▸ **Work order**
Wherever a picture appears in the listing below, leave it out and reproduce the rest exactly.

▸ **Data in this exercise**
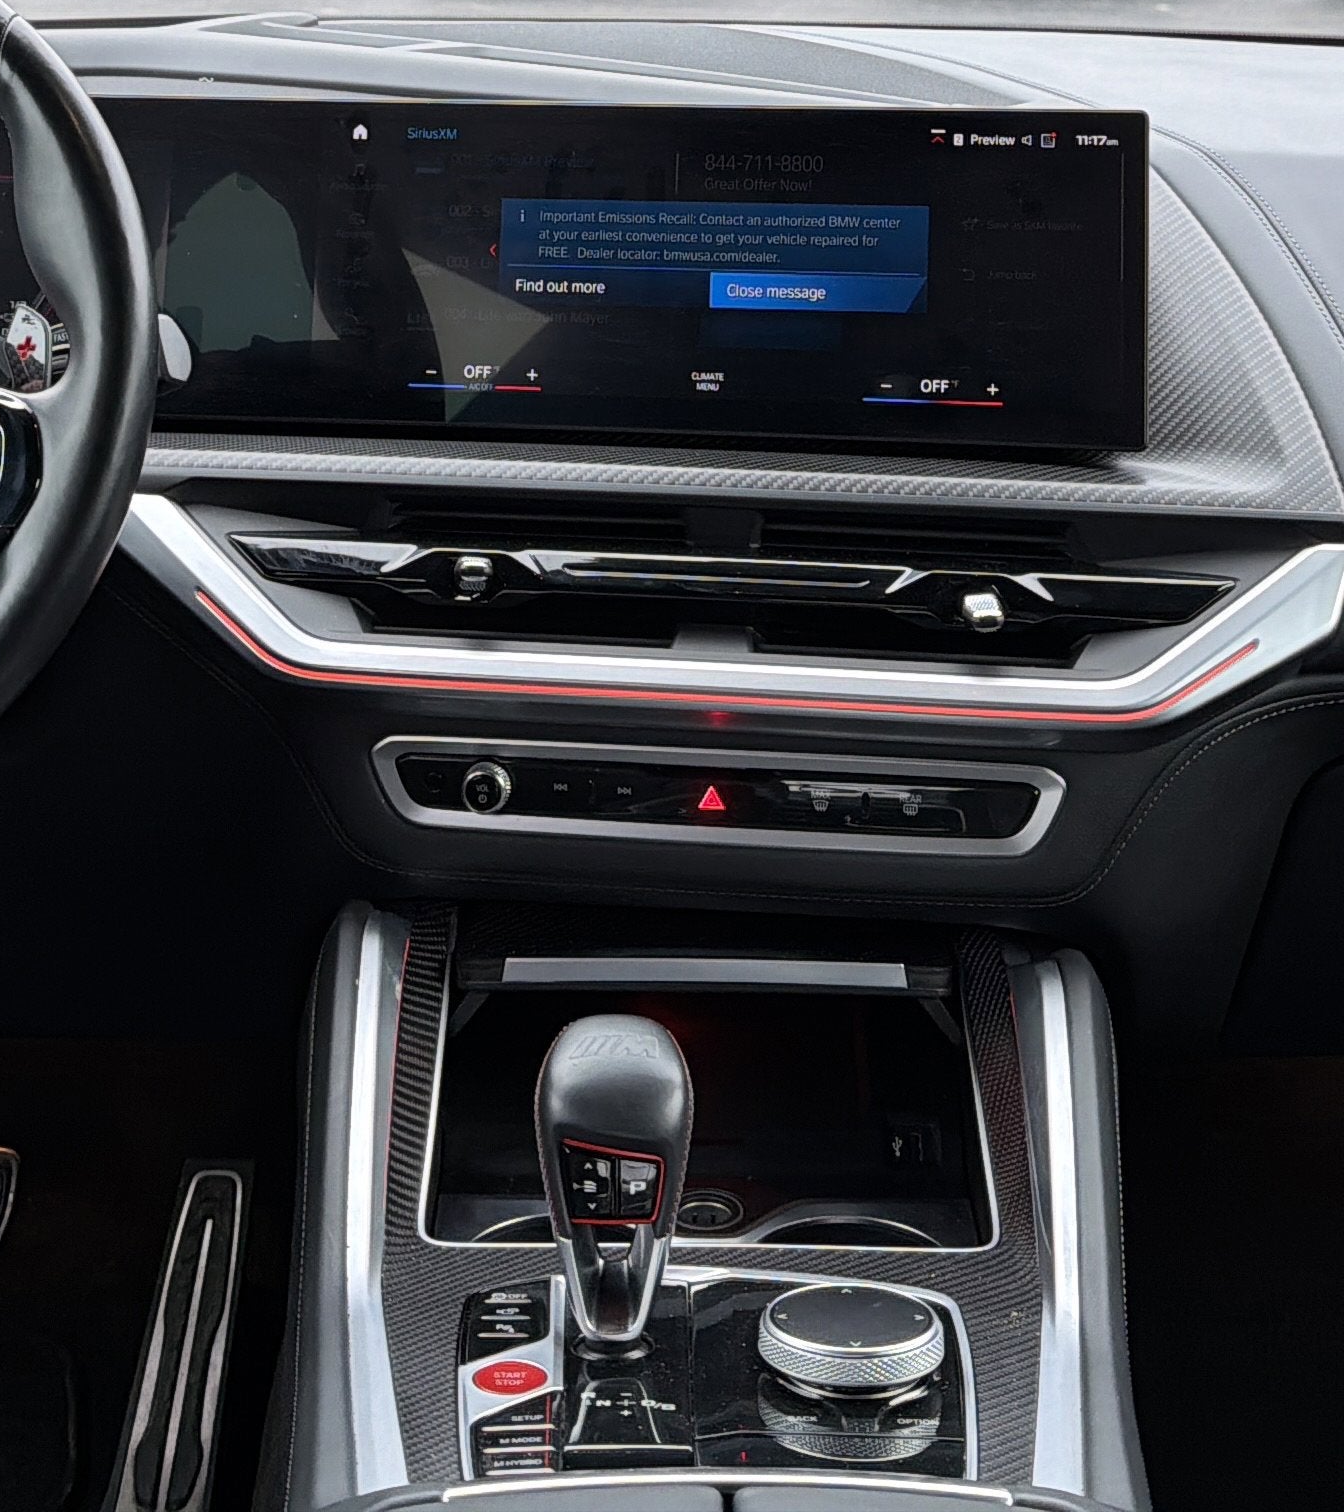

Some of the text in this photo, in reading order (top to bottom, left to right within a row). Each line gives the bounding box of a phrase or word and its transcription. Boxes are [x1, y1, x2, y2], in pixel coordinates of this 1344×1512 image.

[407, 128, 458, 140] SiriusXM
[970, 134, 1016, 146] Preview
[705, 154, 824, 173] 844-711-8800
[540, 210, 595, 224] Important
[598, 212, 656, 225] Emissions
[658, 212, 697, 225] Recall:
[699, 213, 744, 226] Contact
[746, 215, 761, 226] an
[763, 214, 826, 228] authorized
[828, 216, 860, 228] BMW
[863, 218, 901, 229] center
[538, 230, 879, 249] at your earliest convenience to get your vehicle repaired for
[577, 247, 615, 260] Dealer
[617, 248, 660, 261] locator:
[663, 249, 781, 264] bmwusa.com/dealer.
[515, 279, 606, 294] Find out more
[726, 283, 826, 301] Close message
[464, 365, 492, 378] OFF
[691, 372, 724, 382] CLIMATE
[696, 382, 720, 392] MENU
[920, 379, 950, 393] OFF
[899, 792, 922, 803] REAR
[629, 1181, 646, 1195] P
[494, 1371, 527, 1379] START
[495, 1378, 525, 1386] STOP
[511, 1414, 544, 1423] SETUP
[512, 1436, 543, 1444] MODE
[506, 1458, 543, 1467] HYBRID
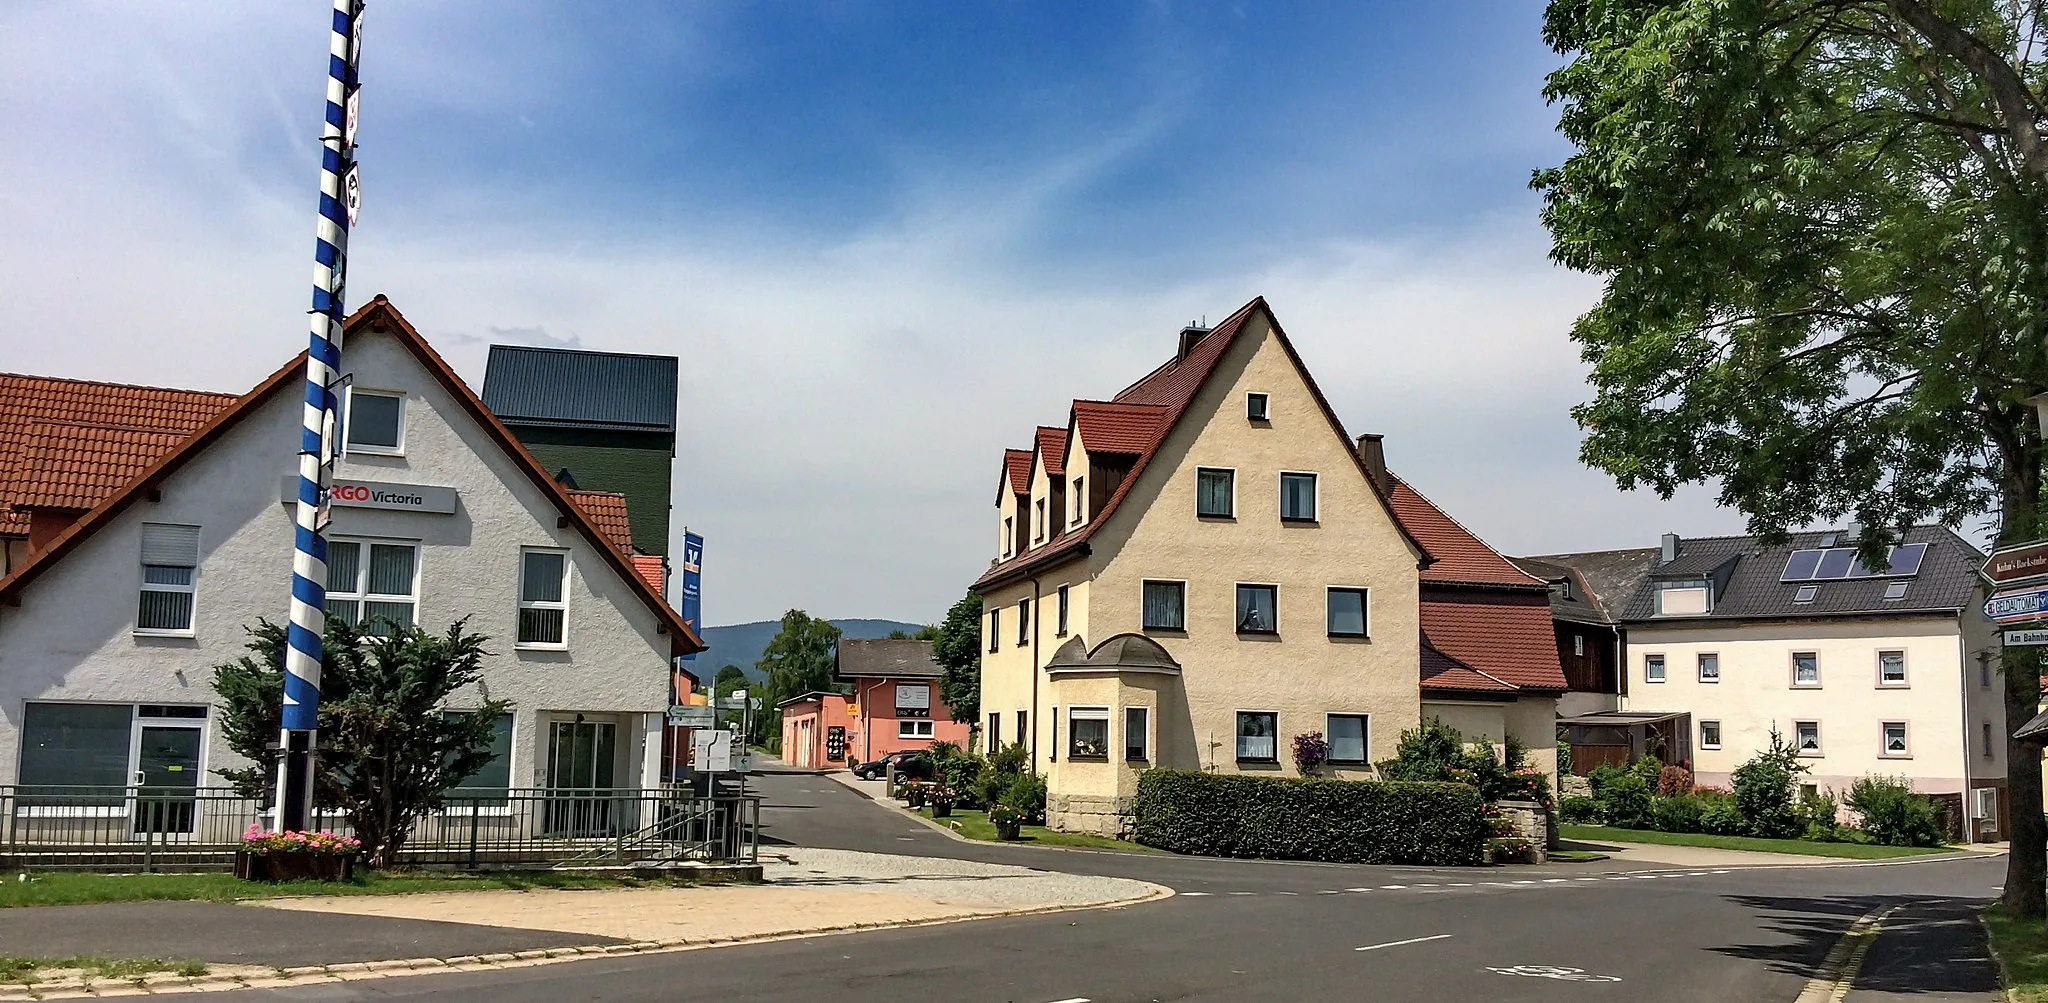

▸ **Written response**
Some of the text in this photo, in reading order (top to bottom, left to right within a row). Each line gives the bounding box of a phrase or word and its transcription. Boxes are [x1, y1, x2, y2], in pixel coordinates of this 1344×1512 image.

[407, 128, 458, 140] SiriusXM
[970, 134, 1016, 146] Preview
[705, 154, 824, 173] 844-711-8800
[540, 210, 595, 224] Important
[598, 212, 656, 225] Emissions
[658, 212, 697, 225] Recall:
[699, 213, 744, 226] Contact
[746, 215, 761, 226] an
[763, 214, 826, 228] authorized
[828, 216, 860, 228] BMW
[863, 218, 901, 229] center
[538, 230, 879, 249] at your earliest convenience to get your vehicle repaired for
[577, 247, 615, 260] Dealer
[617, 248, 660, 261] locator:
[663, 249, 781, 264] bmwusa.com/dealer.
[515, 279, 606, 294] Find out more
[726, 283, 826, 301] Close message
[464, 365, 492, 378] OFF
[691, 372, 724, 382] CLIMATE
[696, 382, 720, 392] MENU
[920, 379, 950, 393] OFF
[899, 792, 922, 803] REAR
[629, 1181, 646, 1195] P
[494, 1371, 527, 1379] START
[495, 1378, 525, 1386] STOP
[511, 1414, 544, 1423] SETUP
[512, 1436, 543, 1444] MODE
[506, 1458, 543, 1467] HYBRID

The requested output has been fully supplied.